Shaved bare: what are the Parties offering on men’s healthCarver Oakley, Client Executive
As November draws to a close so does Men’s Health Awareness Month, concluding ‘Movember’ which sees top lips across the nation liberated from their hairy oppressors. However, behind the jokes about inadequate facial hair (at least in my case) this month is important to bring to the fore the crisis facing men’s health, particularly mental health.
The statistics paint a harrowing picture. Suicide is the biggest cause of death in men under the age of 50 and around three quarters of deaths from suicide each year are men. Considering this, it is unsurprising that men report significantly lower life satisfaction than women in the Government’s national well-being survey. Both a cause and a consequence, we also see that men are simultaneously three times more likely to be addicted to alcohol and to be more frequent users of drugs than women.
The stark numbers are not resigned to mental health alone. 75% of premature deaths from heart disease are male. Middle-aged men are twice as likely to have diabetes as women. And, unfortunately, the most common cancer in men, prostate cancer, develops slowly with symptoms rarely noticeable for many years – preventing early diagnosis.
Most worryingly of all is that despite the negative health outcomes faced by Britain’s men, both main political parties appear to be lacking in their proposals to change this reality.

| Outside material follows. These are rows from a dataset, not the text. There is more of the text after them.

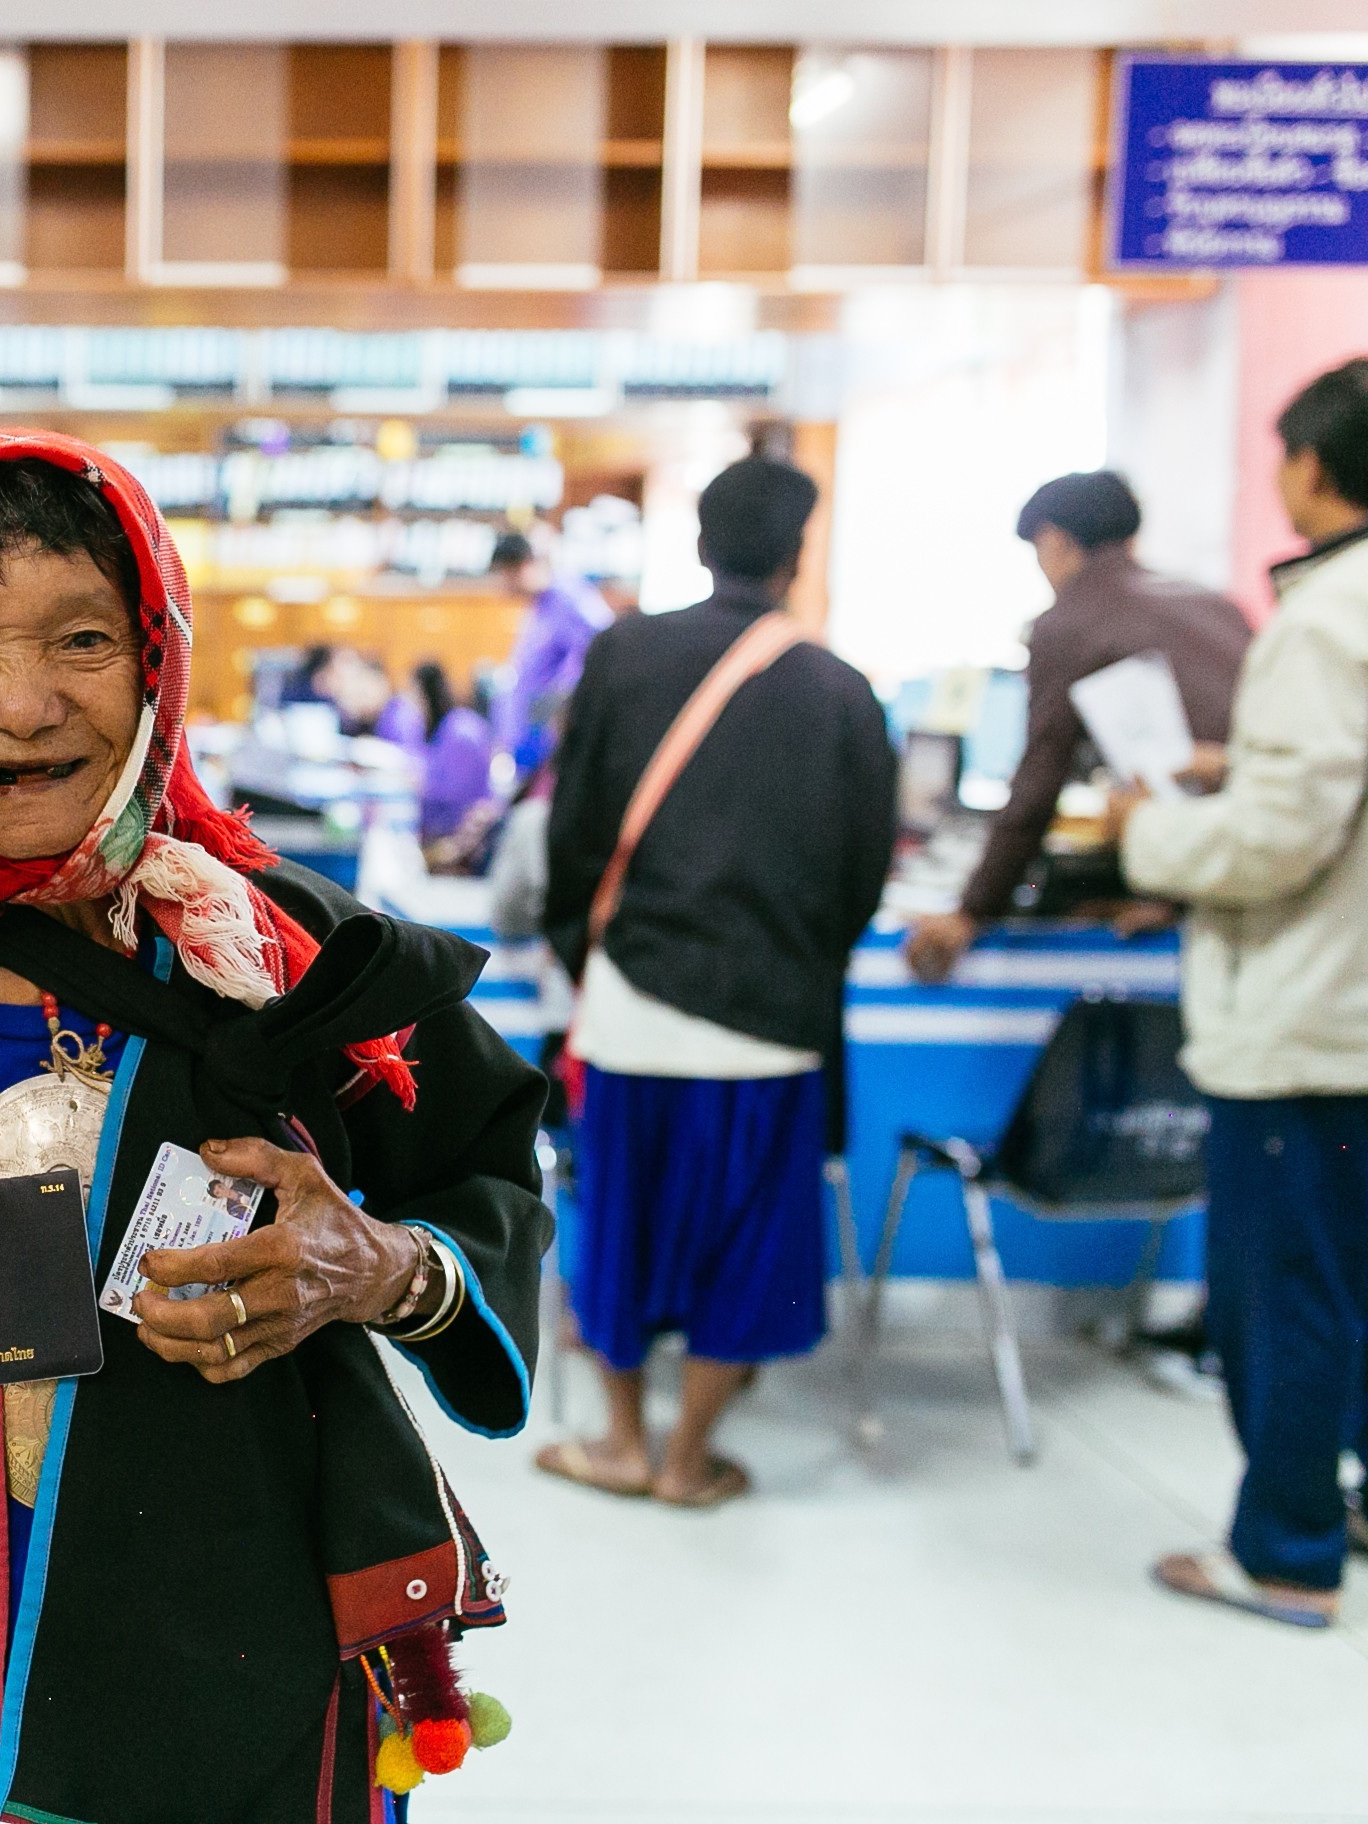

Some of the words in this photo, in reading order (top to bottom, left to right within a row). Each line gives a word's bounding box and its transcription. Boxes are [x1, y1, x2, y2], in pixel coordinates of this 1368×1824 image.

[140, 1201, 151, 1215] Thai
[147, 1172, 162, 1199] National
[158, 1162, 166, 1171] ID
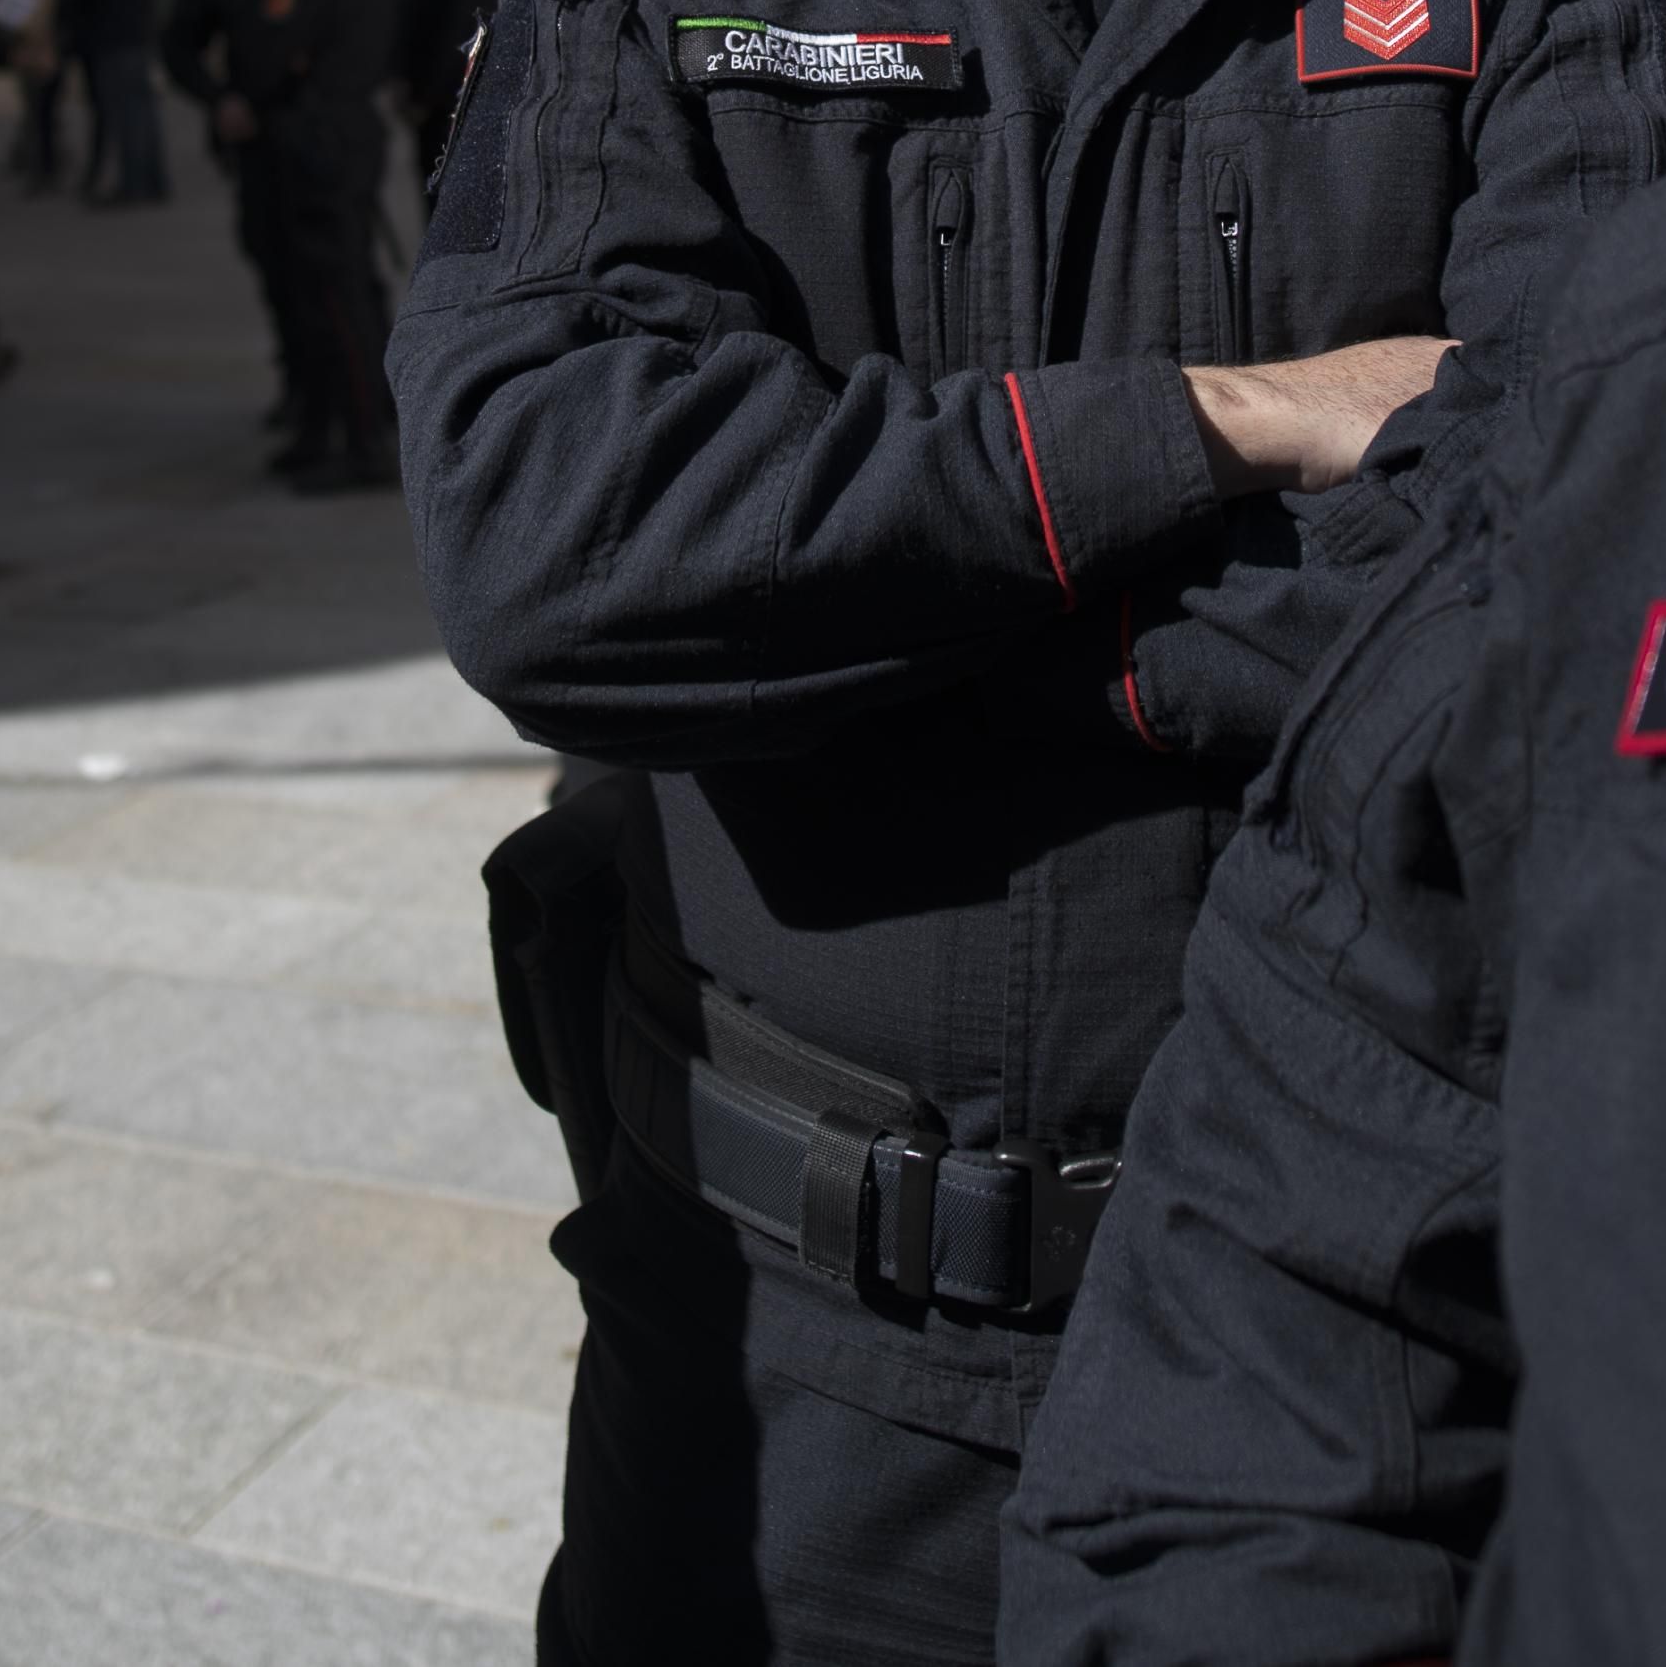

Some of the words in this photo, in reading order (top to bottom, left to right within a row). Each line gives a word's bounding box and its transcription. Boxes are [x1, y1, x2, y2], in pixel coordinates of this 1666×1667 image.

[724, 30, 904, 69] CARABINIERI
[731, 54, 849, 84] BATTAGLIONE
[850, 64, 924, 82] LIGURIA
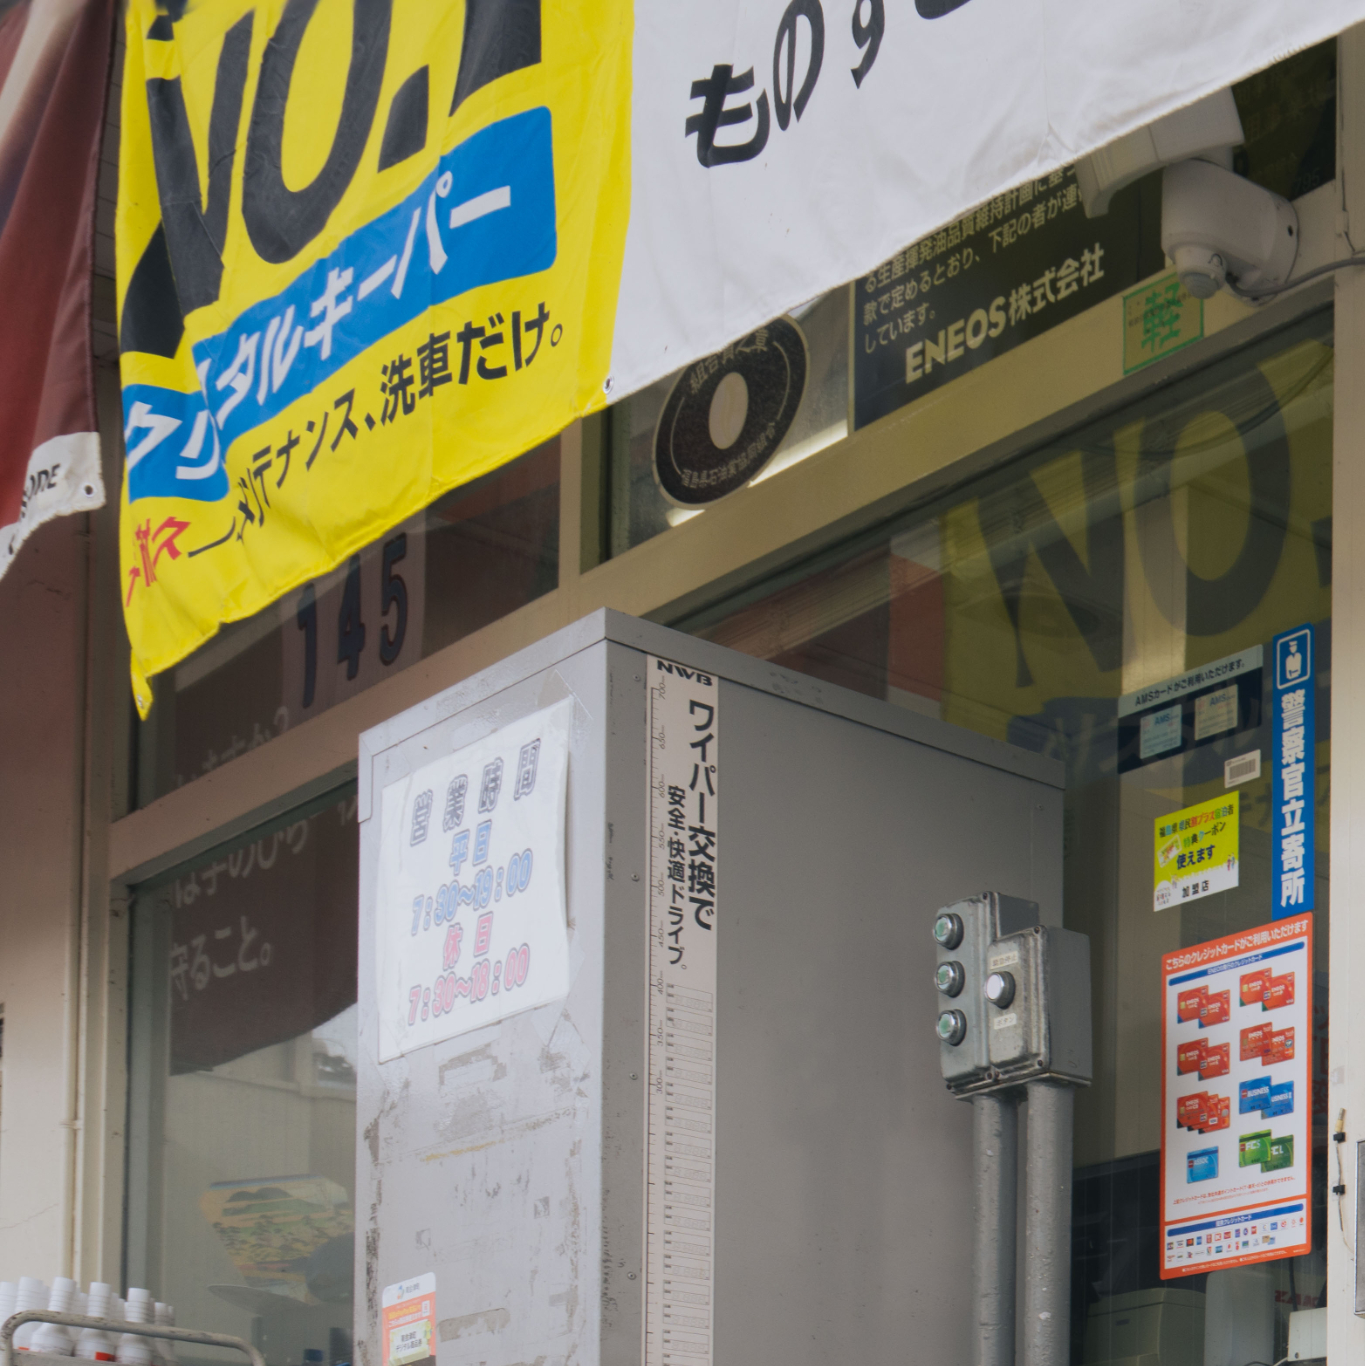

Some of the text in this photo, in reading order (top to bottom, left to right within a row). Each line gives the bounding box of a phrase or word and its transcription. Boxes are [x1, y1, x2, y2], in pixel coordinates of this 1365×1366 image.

[864, 302, 936, 354] しています。
[904, 242, 1106, 385] ENEOS株式会社
[656, 659, 714, 688] NWB
[1135, 658, 1246, 707] AMSカードがご利用いただけます。
[409, 737, 542, 847] 営業時間
[687, 698, 717, 932] ワイパー交換で
[1280, 688, 1306, 908] 警察官立寄所
[448, 818, 493, 877] 平日
[1177, 844, 1215, 871] 使えます
[666, 784, 688, 971] 安全・快適ドライブ。
[1182, 880, 1210, 899] 加盟店
[442, 910, 495, 973] 休日
[1165, 919, 1309, 971] こちらのクレジットカードがご利用いただけます
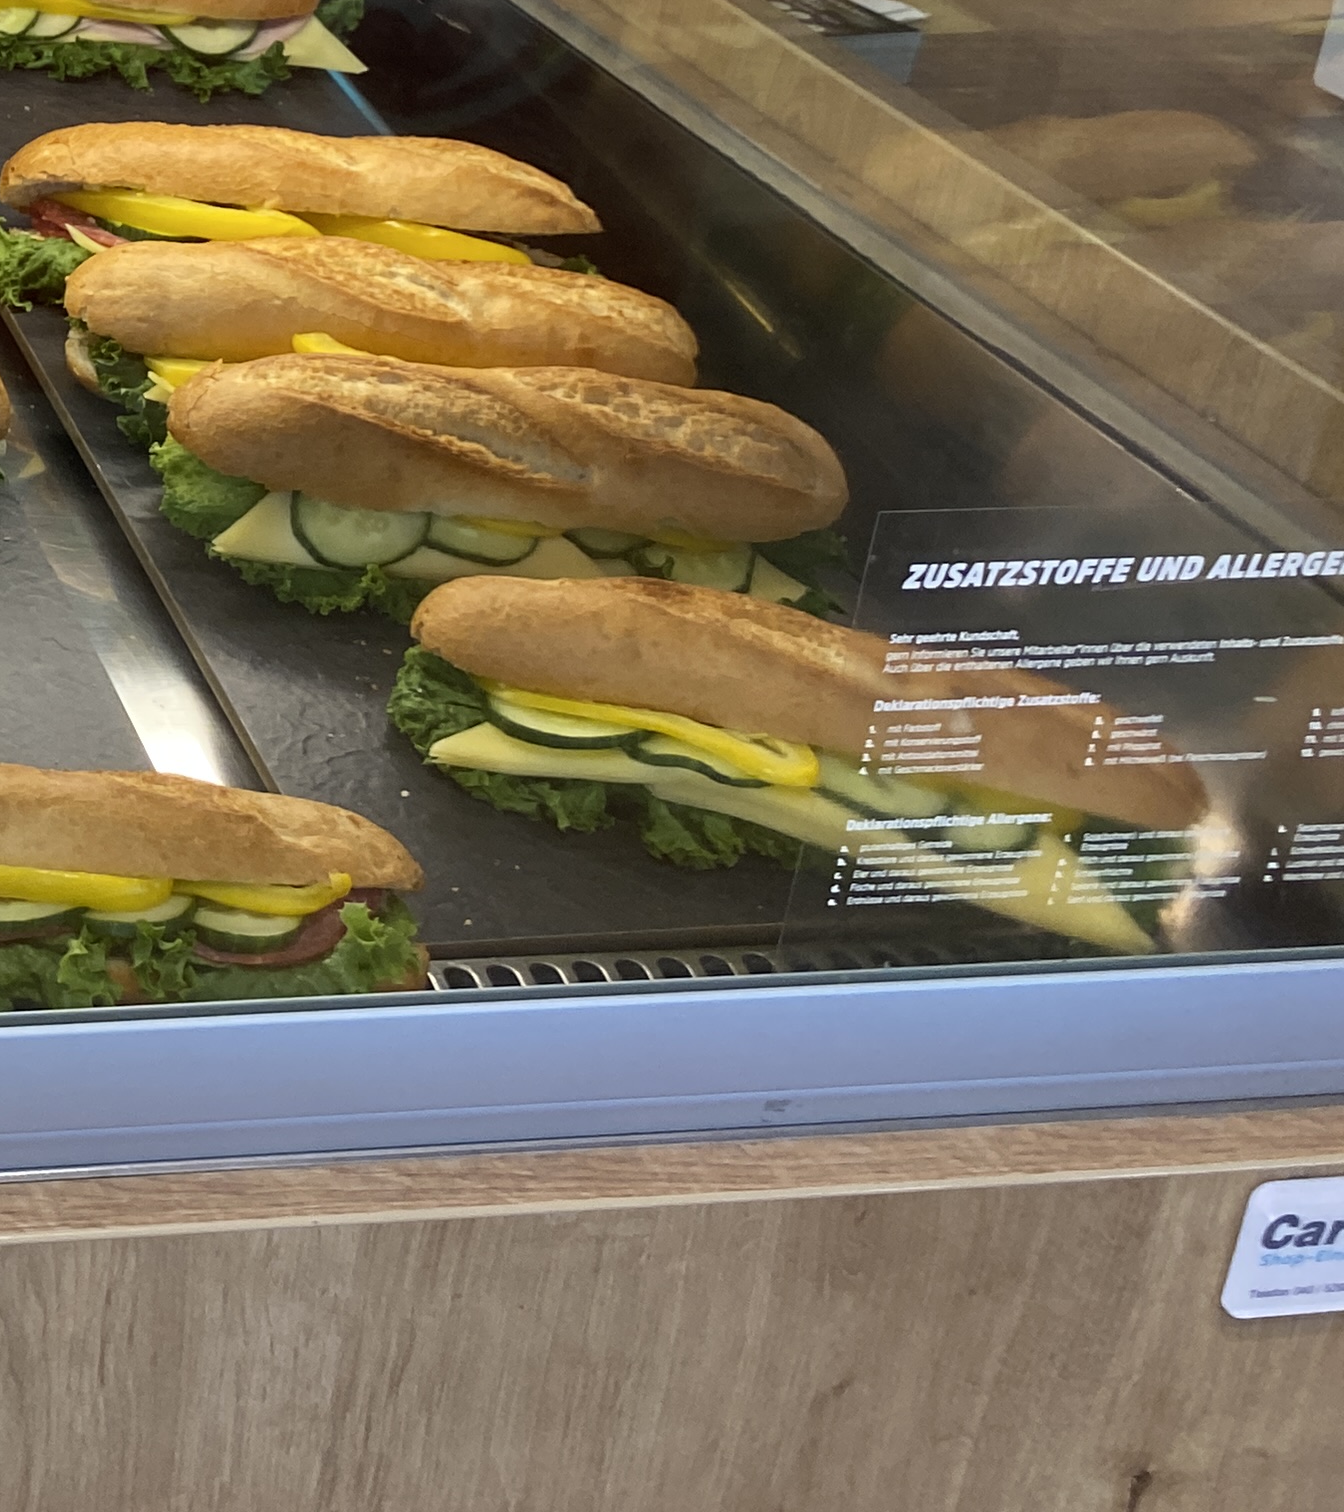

Mental health garners limited attention in current political debates while only one in five think the mental health system is working well according to the think tank More In Common. Yet, further polling by the think tank shows that tackling the mental health crisis is a vote winner. Two in five voters say mental health will be an important election issue for them - a number that grows for typical Red-wall voters and Tory-Labour switchers.
In light of this, the Labour Party’s recent fall out over mental health is surprising. In September of this year the former Shadow Minister for Mental Health, Dr Rosena Allin-Khan, resigned from the Labour Front Bench because Sir Keir Starmer decided to demote the portfolio from Cabinet. Though the move was not widely controversial, the current Minister for Mental Health does not attend Cabinet, it indicated a reorganisation of priorities for Starmer’s Labour. Whether Labour would admit it or not, it was a sign that mental health now sits lower on its current political agenda than it previously did.
However, this was a reordering of priorities, Labour have not completely abandoned the mental health crisis. They have committed to expanding the NHS workforce by recruiting 8,500 mental health staff, creating community mental health hubs for children, introducing professional support in schools, and investing in mental health research. Despite this, it is hard to argue that Labour are prioritising men’s health and any proposals now are made with the usual caveats of opposition and the party’s strict adherence to fiscal responsibility.
The Government have similarly failed to grip the challenge and enact meaningful change. The Conservatives have been criticised by mental health organisations, such as Mind, The British Psychological Society, and Tough Enough to Care, who have argued that despite the Mental Health Act being a key Conservative manifesto commitment in both 2017 and 2019, the Mental Health Bill did not appear in the most recent King’s Speech. Much like Labour, the Government continue to promote other issues over mental health, despite recognising its importance.
Again, as with Labour, there has been debate about how to tackle this issue, if a little haphazardly. One such example was the idea of creating of a Minister for Men, put forward most recently by Nick Fletcher MP. He argues that men are in crisis, from poor physical health brought on by poorer life outcomes and poor mental health. Fletcher argues that there is "very little focus" to address these issues, with the current political status quo implying that "only women have problems and only men are problems". However, many have pointed out that such a suggestion is quite a blunt instrument to solve health problems that impact different men differently. For instance, although men are more likely to be sectioned than women, black men are five times more likely to be sectioned than white men.
Both Parties are clearly aware of the crisis facing men’s health, yet both seem satisfied with doing far more talking than action. Perhaps most concerningly, that debate appears to lean into the intangible, failing to grip the key drivers, nuances and, yes, eventual solutions. Male suicide, in particular, is a long way from being resolved and with so many contributing factors a solution will likely be hard to find. This is not an excuse for inaction, if we are to see an improvement in men’s health the reintroduction of the Mental Health Bill alongside a comprehensive mental health strategy that sees specialists in schools, hospitals, and workplaces is needed. Each November need not mark the crisis in men’s health. Instead, a reprioritisation among the political class might mean future Men’s Health Months are celebrations.